Every record below is to be copied exactly, with its images omitted.
━━━━━ Data supplied
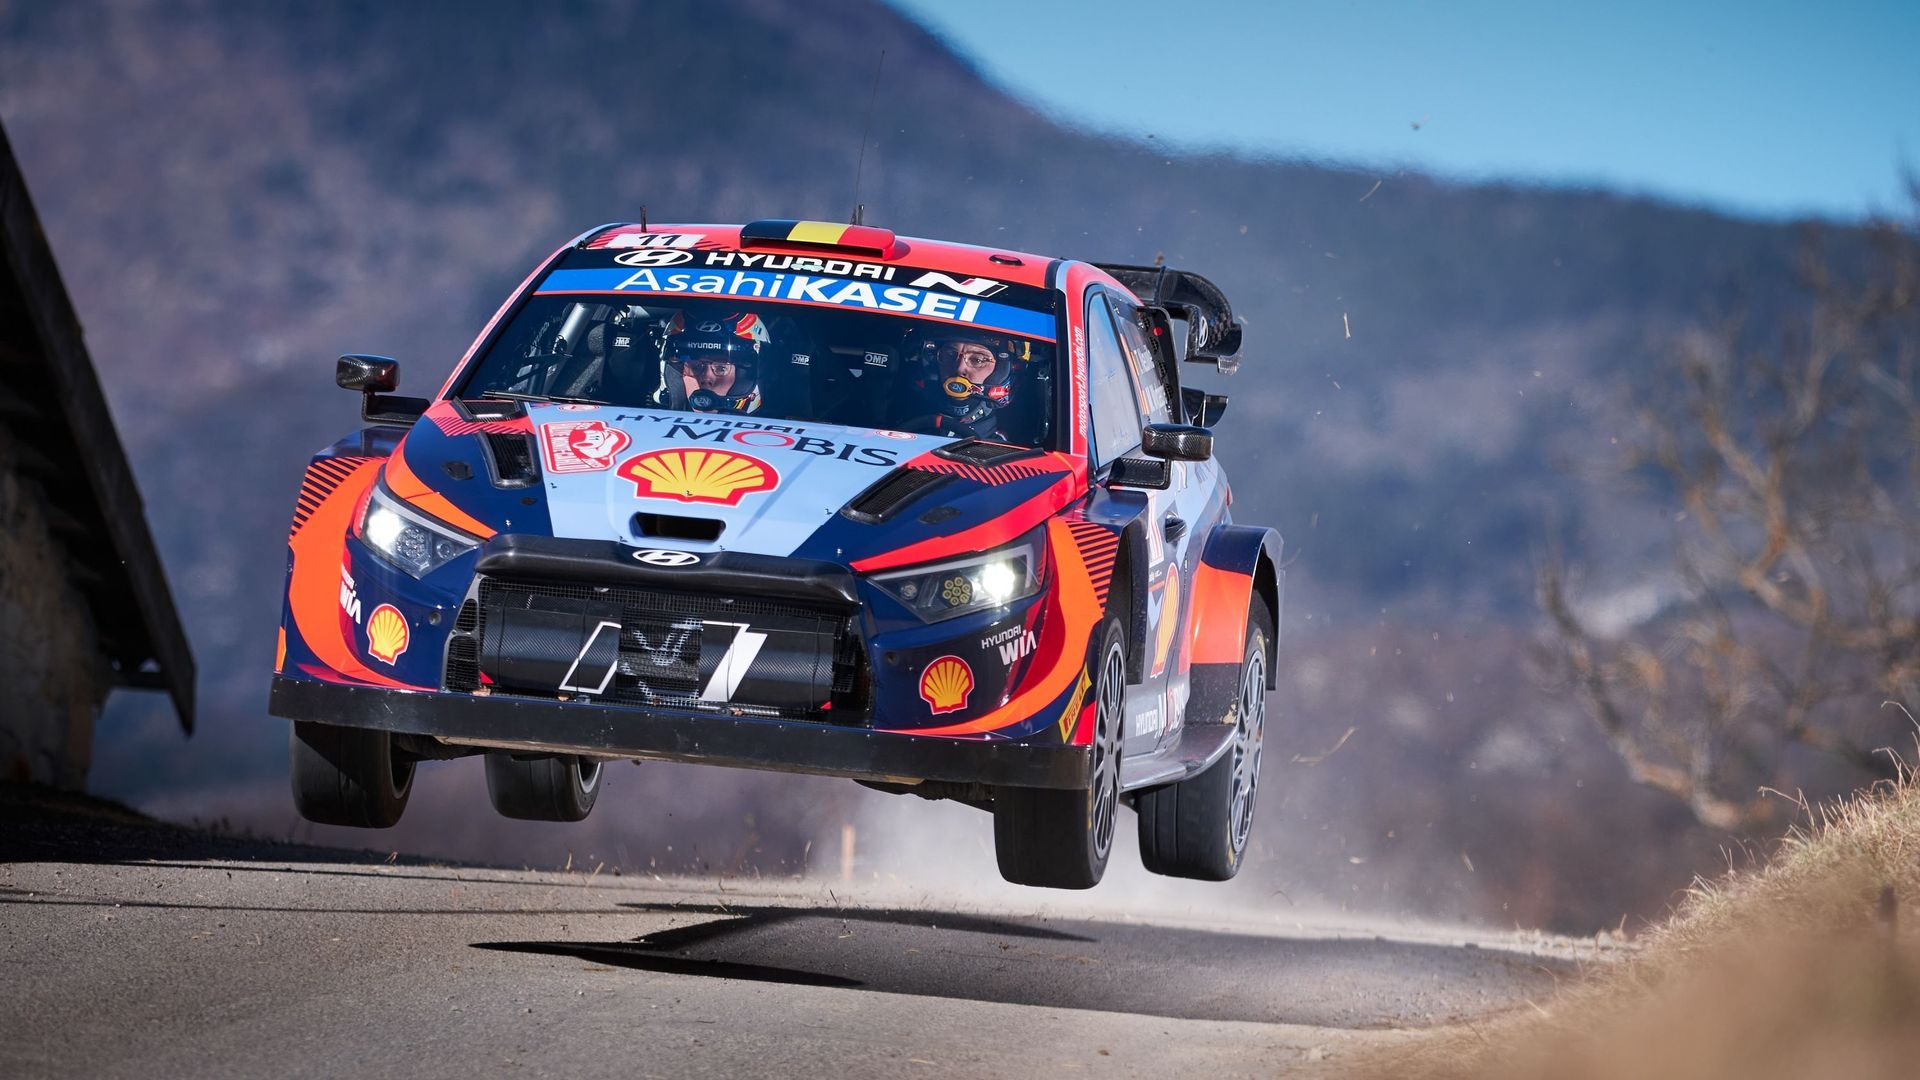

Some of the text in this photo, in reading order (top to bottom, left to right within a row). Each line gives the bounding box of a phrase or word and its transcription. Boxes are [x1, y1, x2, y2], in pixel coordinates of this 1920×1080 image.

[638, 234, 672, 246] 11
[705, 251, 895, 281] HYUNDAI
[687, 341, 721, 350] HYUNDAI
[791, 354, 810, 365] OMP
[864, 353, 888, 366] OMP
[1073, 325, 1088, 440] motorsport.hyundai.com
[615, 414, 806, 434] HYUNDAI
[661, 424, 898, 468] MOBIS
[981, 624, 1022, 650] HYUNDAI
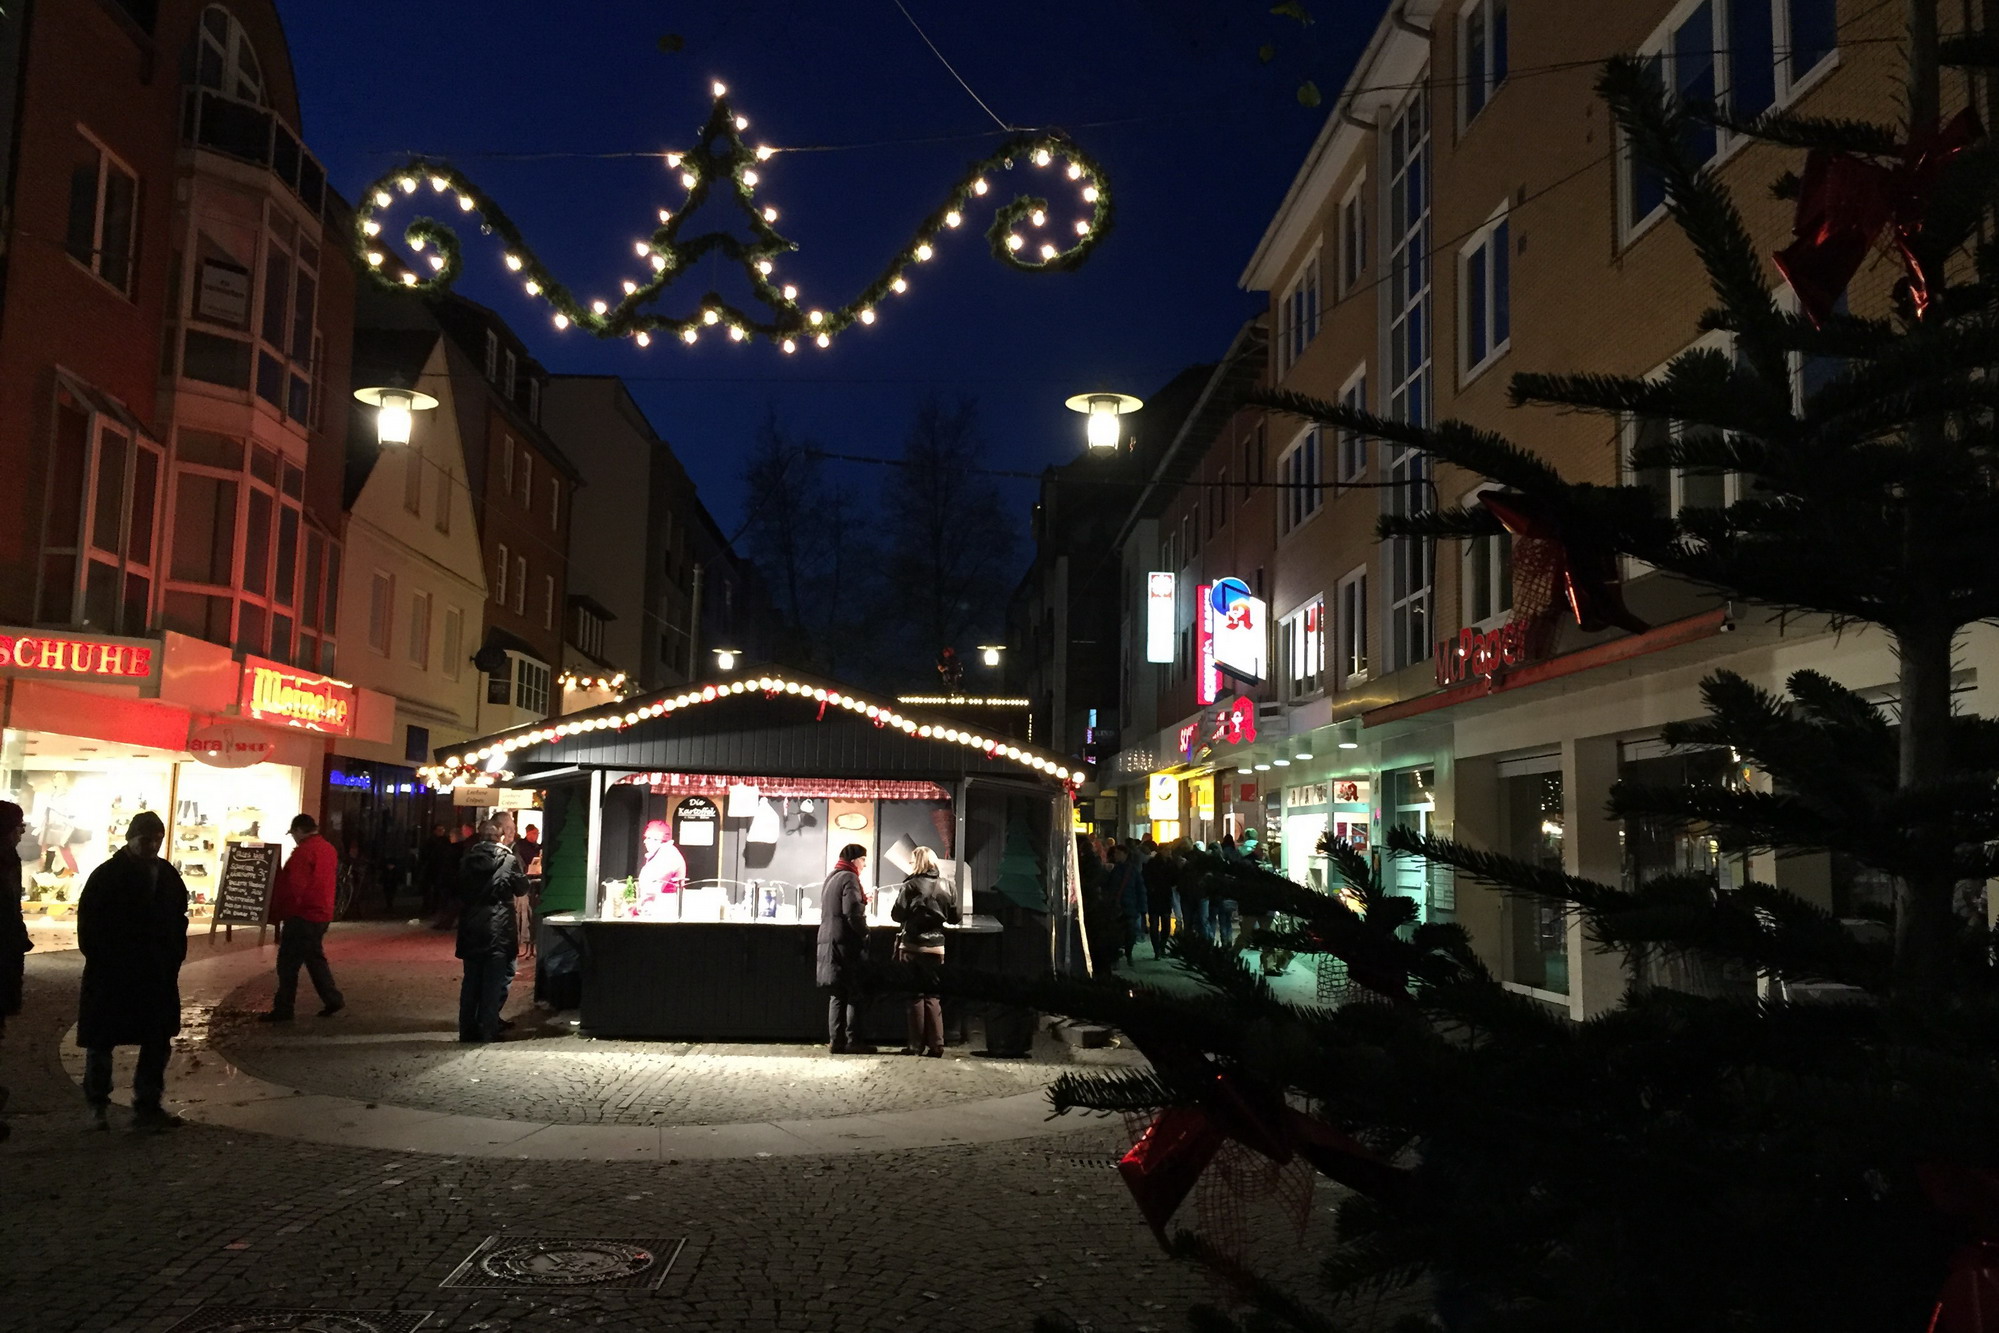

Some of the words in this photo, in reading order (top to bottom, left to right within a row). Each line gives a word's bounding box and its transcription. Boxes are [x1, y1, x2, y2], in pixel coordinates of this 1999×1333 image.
━━━━━━━━━━
| Your solution |
Some of the text in this photo, in reading order (top to bottom, left to right within a row). Each line gives the bounding box of a phrase or word and its transcription. Boxes are [x1, y1, x2, y2], in pixel coordinates of this 1920×1080 image.

[638, 234, 672, 246] 11
[705, 251, 895, 281] HYUNDAI
[687, 341, 721, 350] HYUNDAI
[791, 354, 810, 365] OMP
[864, 353, 888, 366] OMP
[1073, 325, 1088, 440] motorsport.hyundai.com
[615, 414, 806, 434] HYUNDAI
[661, 424, 898, 468] MOBIS
[981, 624, 1022, 650] HYUNDAI

Some of the words in this photo, in reading order (top to bottom, left to right within a row). Each line gives a word's bounding box and its transcription. Boxes are [x1, y1, x2, y2], in pixel coordinates of this 1999×1333 image.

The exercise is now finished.